Line join issues in exported figures

When drawing thick lines, the way lines look like differs between Scilab figure window and graphics exported to a file in vector format, e.g. PDF or SVG.

In the Scilab figure window (left), at each point (marked red) the lines just end.

In the figure exported to PDF (right), line segments are joined by a miter. Since the angle between the central line segments is small, the miter extends far beyond the data point.

In PDF, SVG and JAVA there is a parameter allowing to change the line join from miter to round or bevel. Is there any possibility in Scilab to change parameters for the figure export?

Thank you,
Frank

Some additional information:
I searched the Scilab 2025.0.0 source for the word “miter” and found this code snipped in G2DStroke.java :

public G2DStroke(float lineWidth, float[] dash, float phase) {
super(lineWidth, CAP_BUTT, JOIN_MITER, 10.0f, dash, phase);
}

That looks like some hard coded settings for line end (CAP_BUT) and line join (JOIN_MITER).

And here is some background why I ask:
I often plot measurement data.
Data series can be quite large, i.e. spacing in x can be pretty small.
Since measurement data has noise, data series is wiggling up and down.
Due to above described effect, visual noise in the exported graphics is a lot higher than real measurement noise.
Like this exported graphics is useless.

Hello, and welcome to Scilab’s Discourse !

Feel free to create an issue to illustrate the problem you describe in your last message. Please be constructive by comparing exported graph between Scilab and other system that yields more adequate rendering.

S.

Hello,
you mean an issue here?

https://gitlab.com/scilab/scilab/-/issues

Thank you,
Frank

1 Like

Yes. Please include some example code. Likely, the visual effect only occurs when using extreme values of line thickness, right ?

O.k., I will do that.

The visual effect depends on line thickness and point spacing (in x).
If points are close enough, the same problem occurs with normal line thicknesses.
Making lines thinner is not always a viable solution.

To illustrate the different line join styles, I imported the PDF into Inkscape.

To describe the problem, I used an artifical case.
For real life measurement data, miter join is by far the worst.
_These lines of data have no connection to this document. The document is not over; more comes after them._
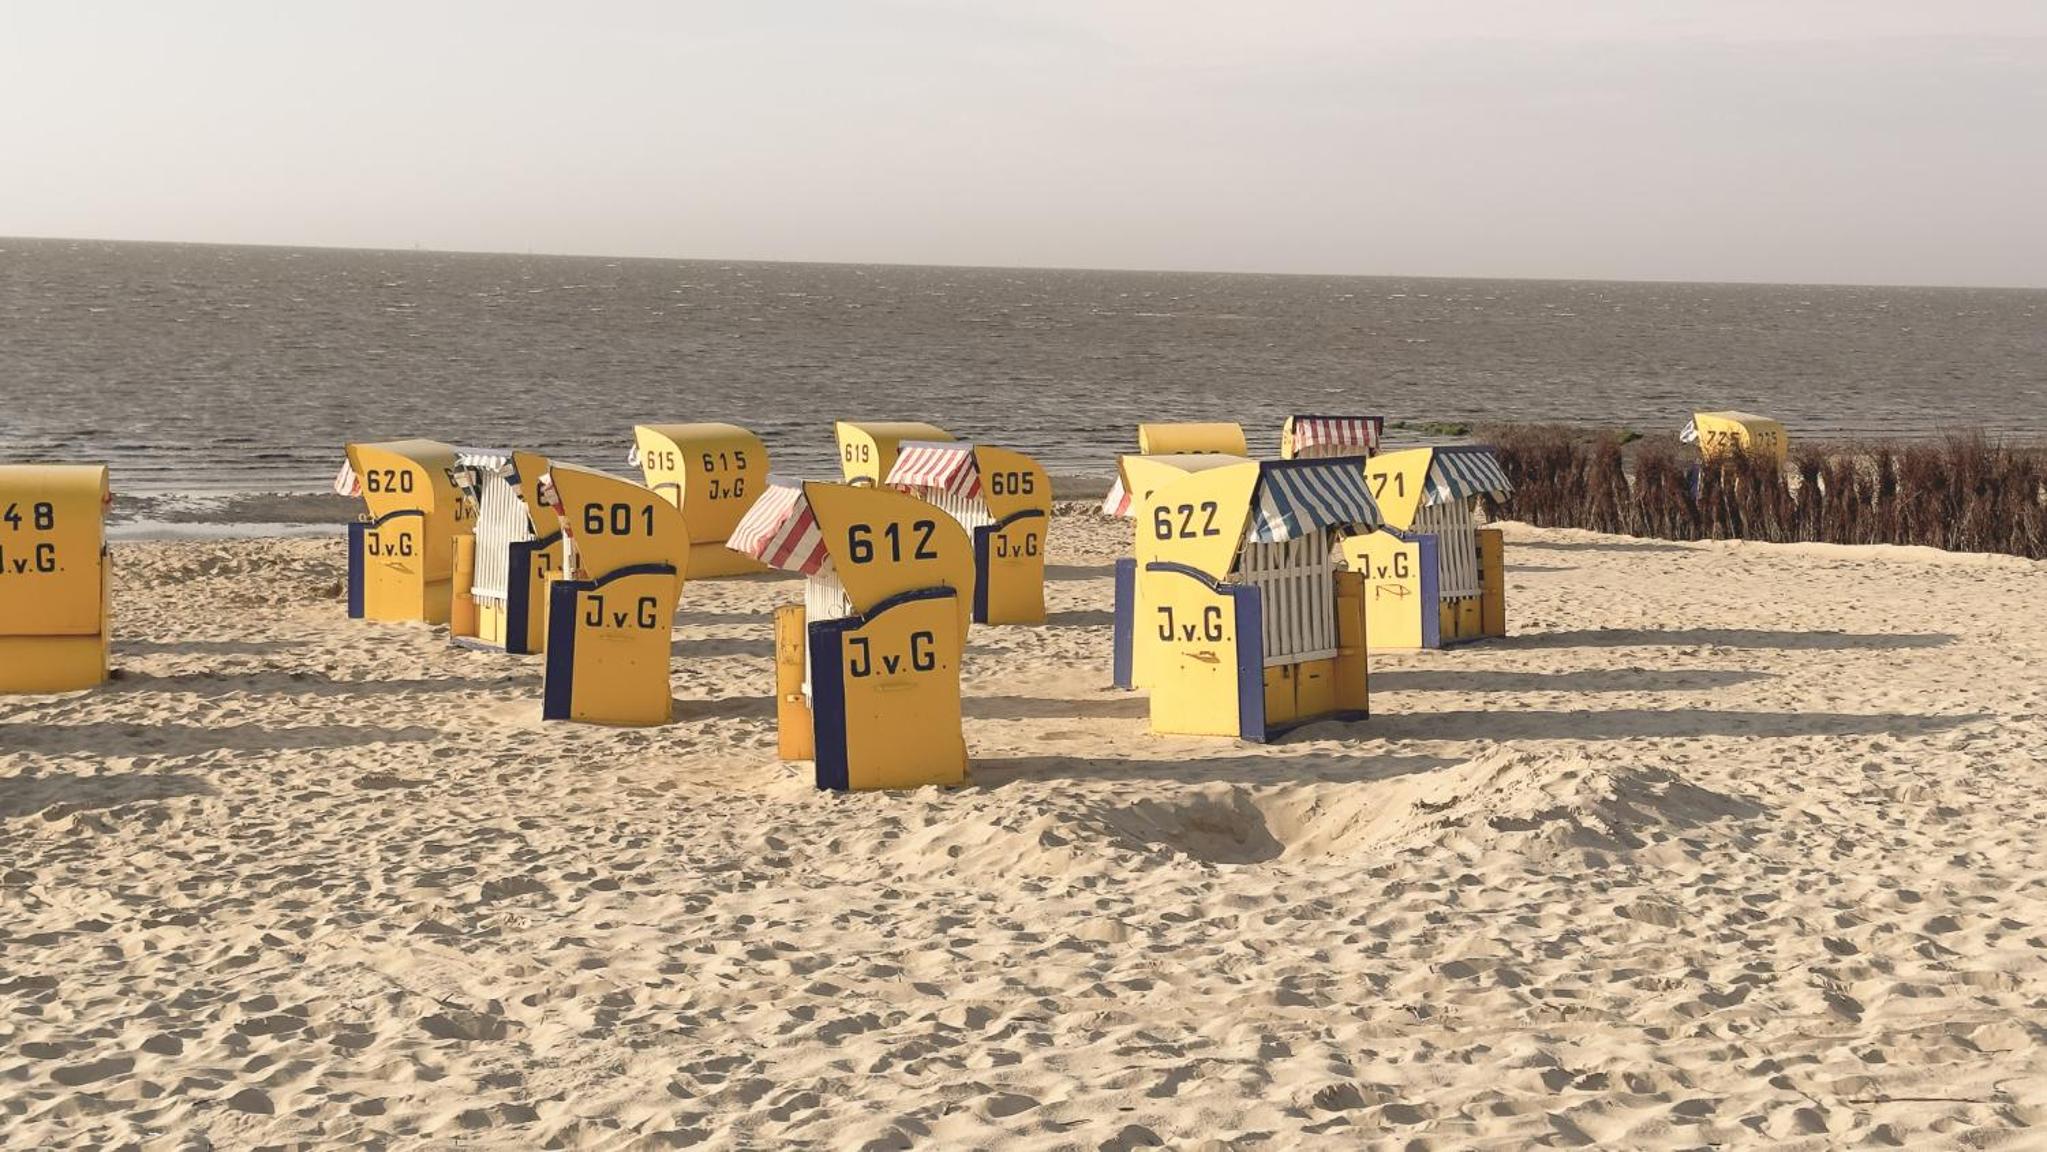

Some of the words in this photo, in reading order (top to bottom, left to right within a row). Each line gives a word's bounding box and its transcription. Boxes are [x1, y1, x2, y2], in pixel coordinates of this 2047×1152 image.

[647, 451, 674, 471] 615
[702, 451, 747, 472] 615
[845, 443, 869, 463] 619
[367, 470, 413, 493] 620
[992, 472, 1034, 495] 605
[584, 503, 654, 537] 601
[1154, 501, 1220, 541] 622
[368, 533, 418, 557] J.v.G.
[848, 520, 938, 564] 612
[996, 533, 1043, 557] J.v.G.
[1357, 552, 1416, 580] J.v.G.
[586, 595, 666, 630] J.v.G.
[1157, 606, 1232, 642] J.v.G.
[848, 631, 947, 678] J.v.G.
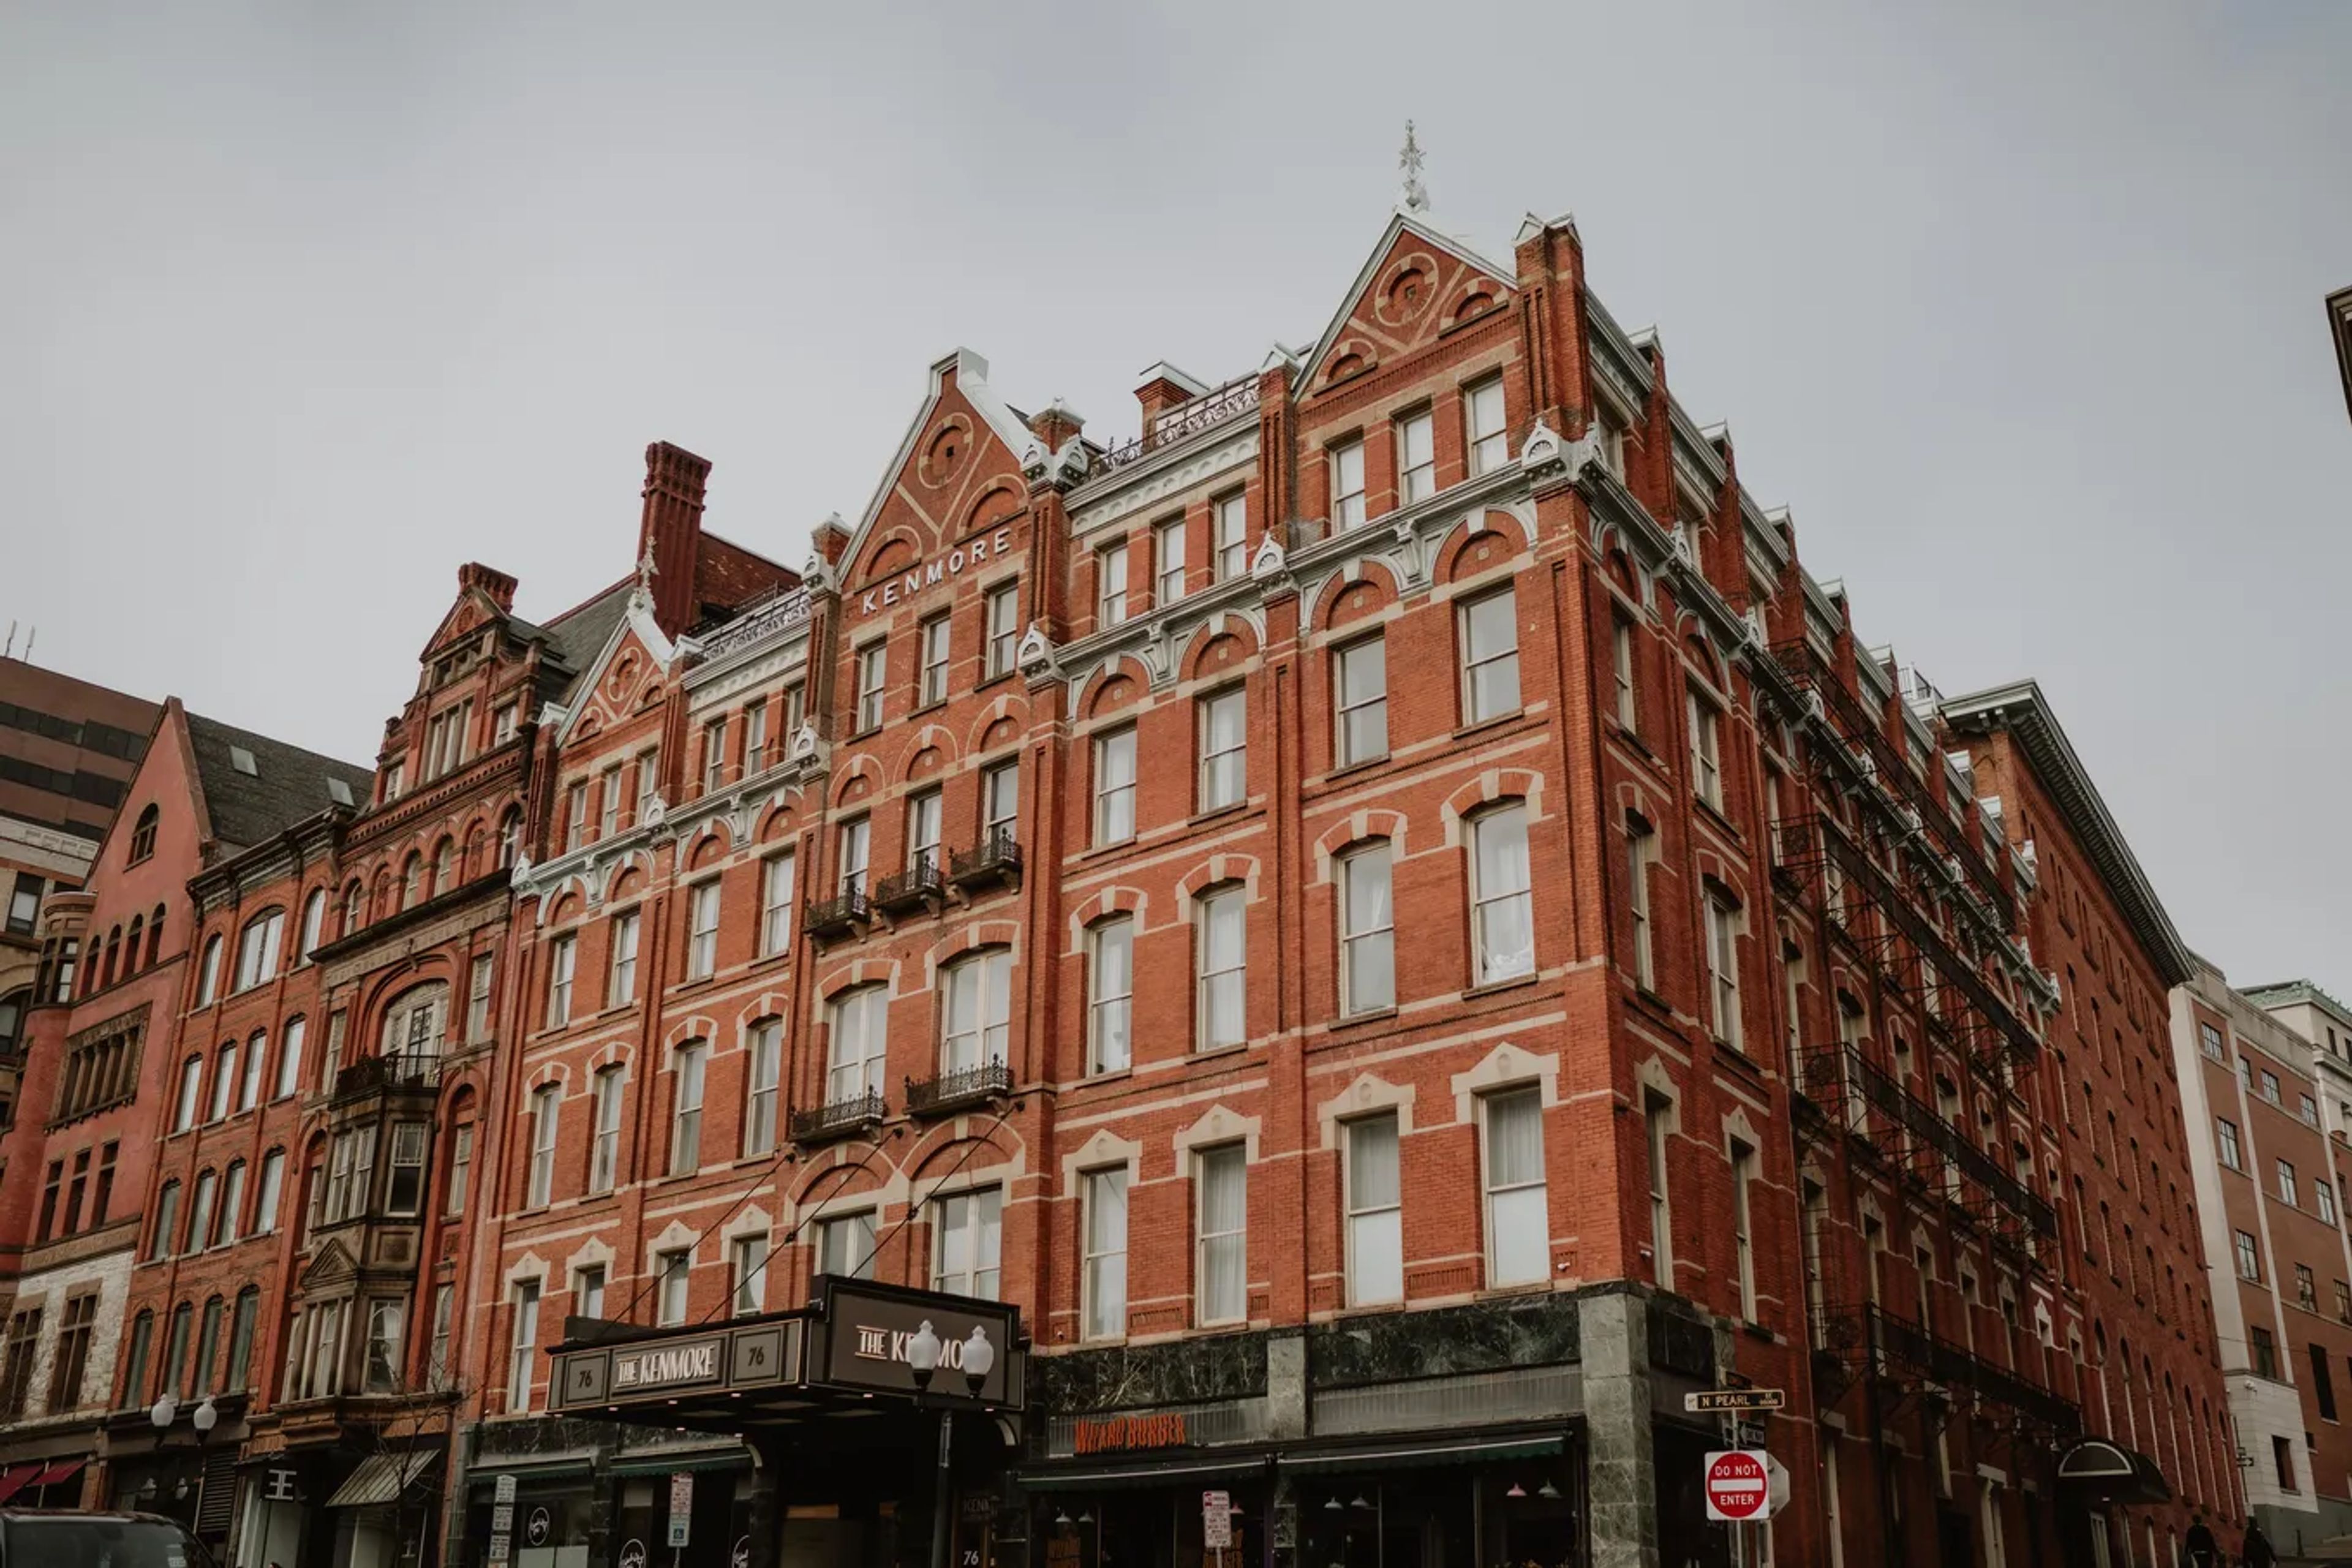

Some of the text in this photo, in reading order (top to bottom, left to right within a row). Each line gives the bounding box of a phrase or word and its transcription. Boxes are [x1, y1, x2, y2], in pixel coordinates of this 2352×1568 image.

In fact the problem is easier to solve for exported graphics, but we have also a line joining problem for onscreen rendering, which is not solvable with the same method (allow to customize the line joining method, at the user level). We can create a new setting to control both outputs (onscreen + vectorial export), but I don’t have the solution of the onscreen case.

S.

Actually, onscreen is o.k. for me.
I have not yet found a real life case where onscreen was ugly.
My problem is with export only.
And actually it is export to VECTOR graphics only.
Export to pixel graphics looks like onscreen.

Onscreen output is ugly when using large thickness (see your first post).

True. But I would not consider this a real life case.

see Glitches on curves with relatively large thickness (#17017) · Issues · scilab / scilab · GitLab

Sometimes I have seen something like that, too.
Indeed, this could be linked to the issue I reported.

No, the onscreen rendering of lines is not done by the piece of code you found there : scilab/modules/scirenderer/src/java/org/scilab/forge/scirenderer/implementation/g2d/motor/G2DStroke.java · minor · scilab / scilab · GitLab

I created an issue:

1 Like

You are right.
My text was somewhat badly formulated.
I wanted to say, that it might be linked to the issue of onscreen line segments just stopping at the data points.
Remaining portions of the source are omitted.